Penosamente, el otro llegó a los fondos don­de la mula pacía. Había allí una enorme piedra colorada, no lejos de un horno de barro para hacer el pan. Y en el espacio de sombra, entre la piedra y el horno, sobre el suelo, colocó el puñal y se arrojó encima, muriendo como los héroes.
El otro alcanzó el borde del paredón y des­de allí vio al caballo que lo llamaba, parado en dos patas, y a lo lejos, la enorme extensión abierta. Al disponerse a saltar sintió como que su cuerpo ya no existía, que ya no había claridad ni oscuridad. Pero sin embargo vio el fuego de una inmensa hoguera que se ele­vaba al cielo; un árbol en medio de la llanu­ra, y en el cielo miles de caballos galopando sin cesar. Y eso fue lo último que vio al saltar.

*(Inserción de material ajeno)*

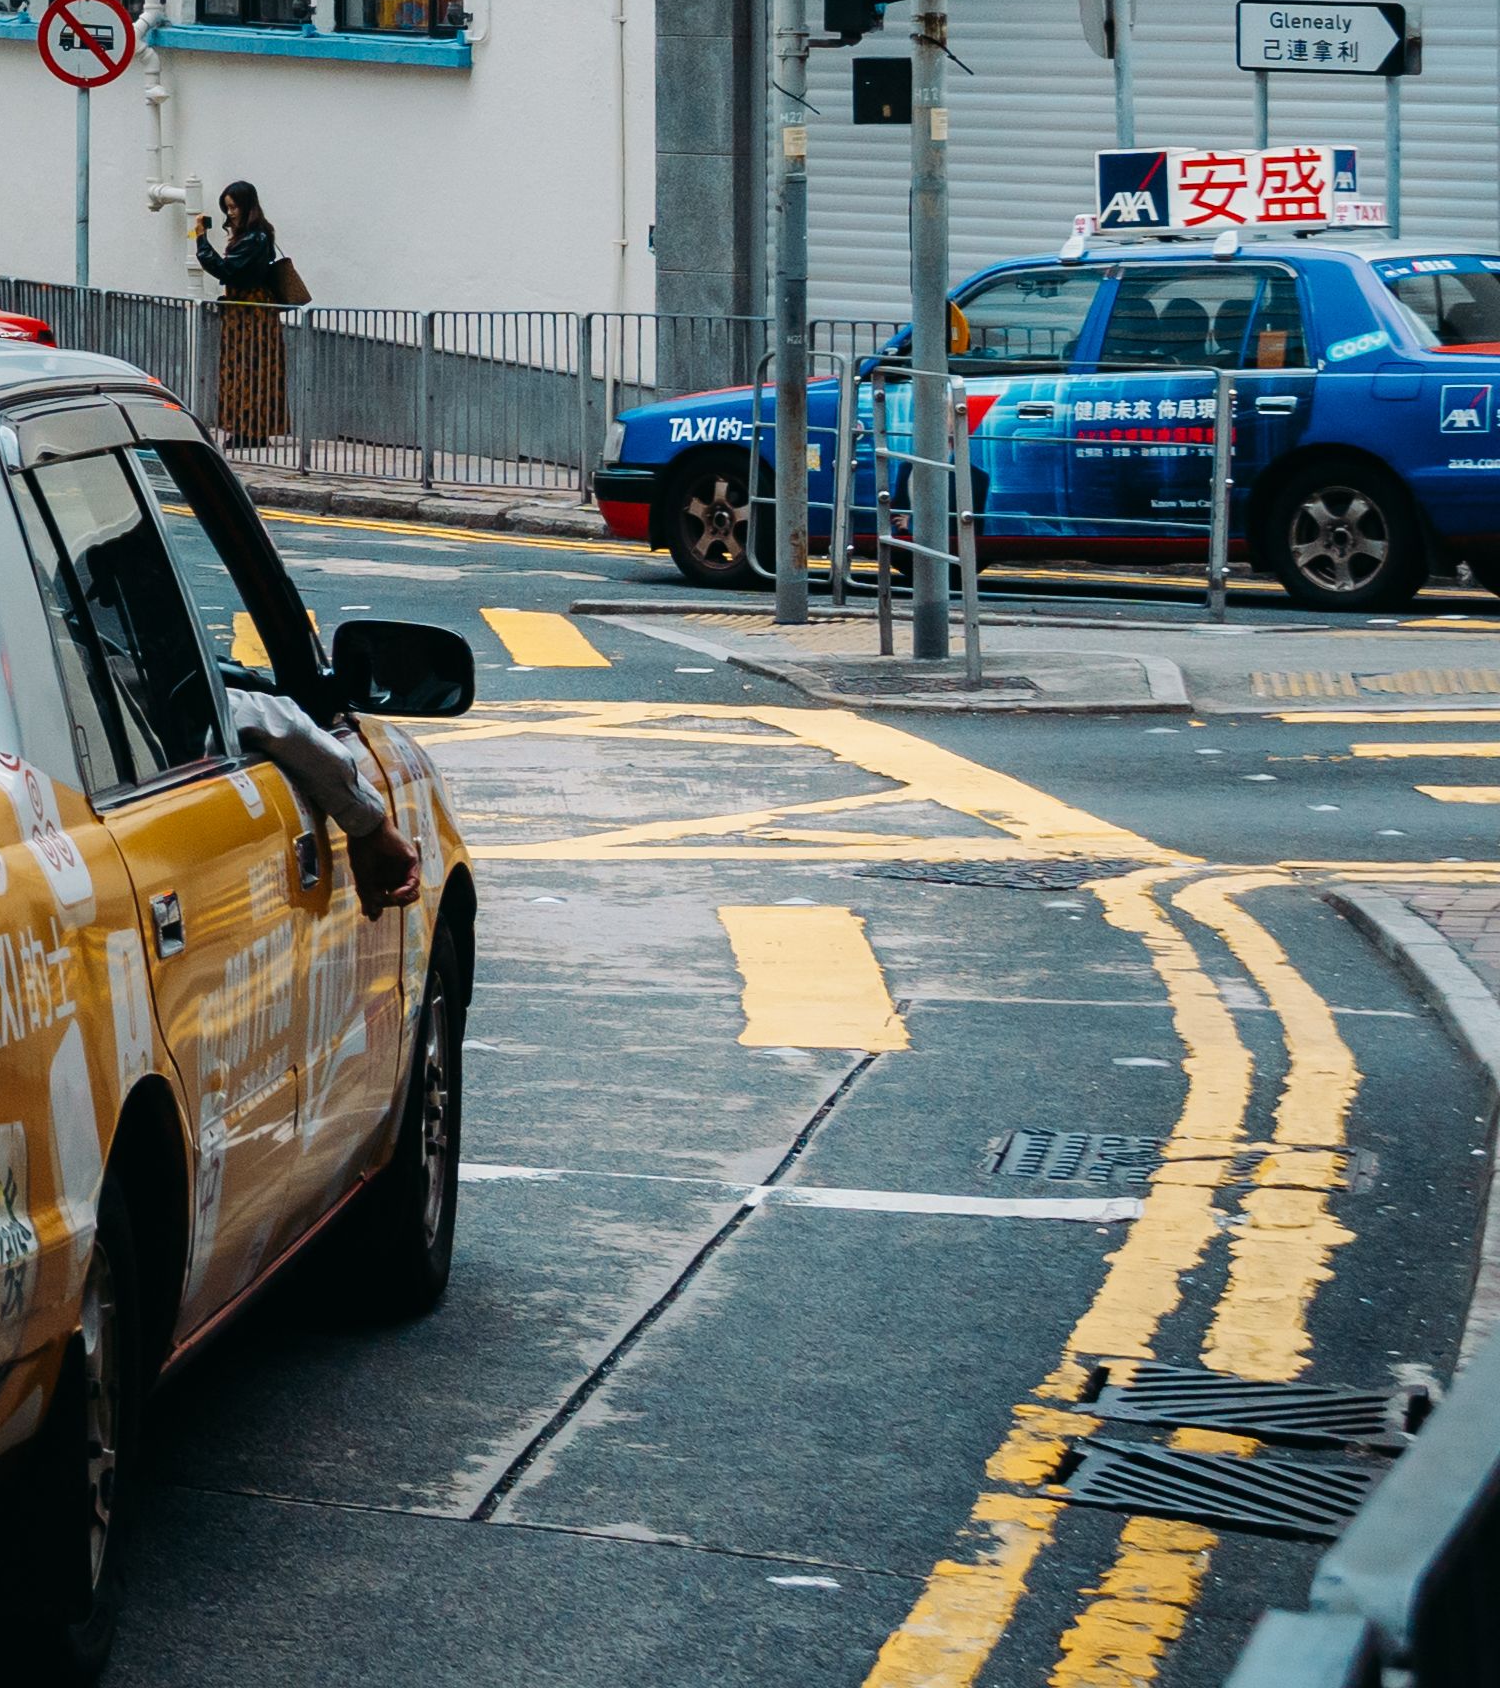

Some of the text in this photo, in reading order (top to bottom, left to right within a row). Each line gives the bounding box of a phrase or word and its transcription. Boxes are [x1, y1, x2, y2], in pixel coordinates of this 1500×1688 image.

El caballo huyó al galope, huyó por la es­tepa abierta galopando sobre el suelo duro, y la gente sólo veía al caballo, no al jinete, ga­lopando fugado y sin rumbo; la procesión continuó y luego el Santo fue encerrado.

Recién al día siguiente, un niño, que juga­ba al tejo, descubrió el cuerpo muerto y des­compuesto de un hombre al que le faltaba un ojo, tirado en un zanjón, junto al tapial de la iglesia. Y aunque no hallaron otras señales de violencia más que esa herida del ojo vaciado, casi cicatrizada, todos relacionaron esa muer­te con la de aquel que habían encontrado con un cuchillo clavado en el vientre.

Y así los lloraron e hicieron las honras de ambos.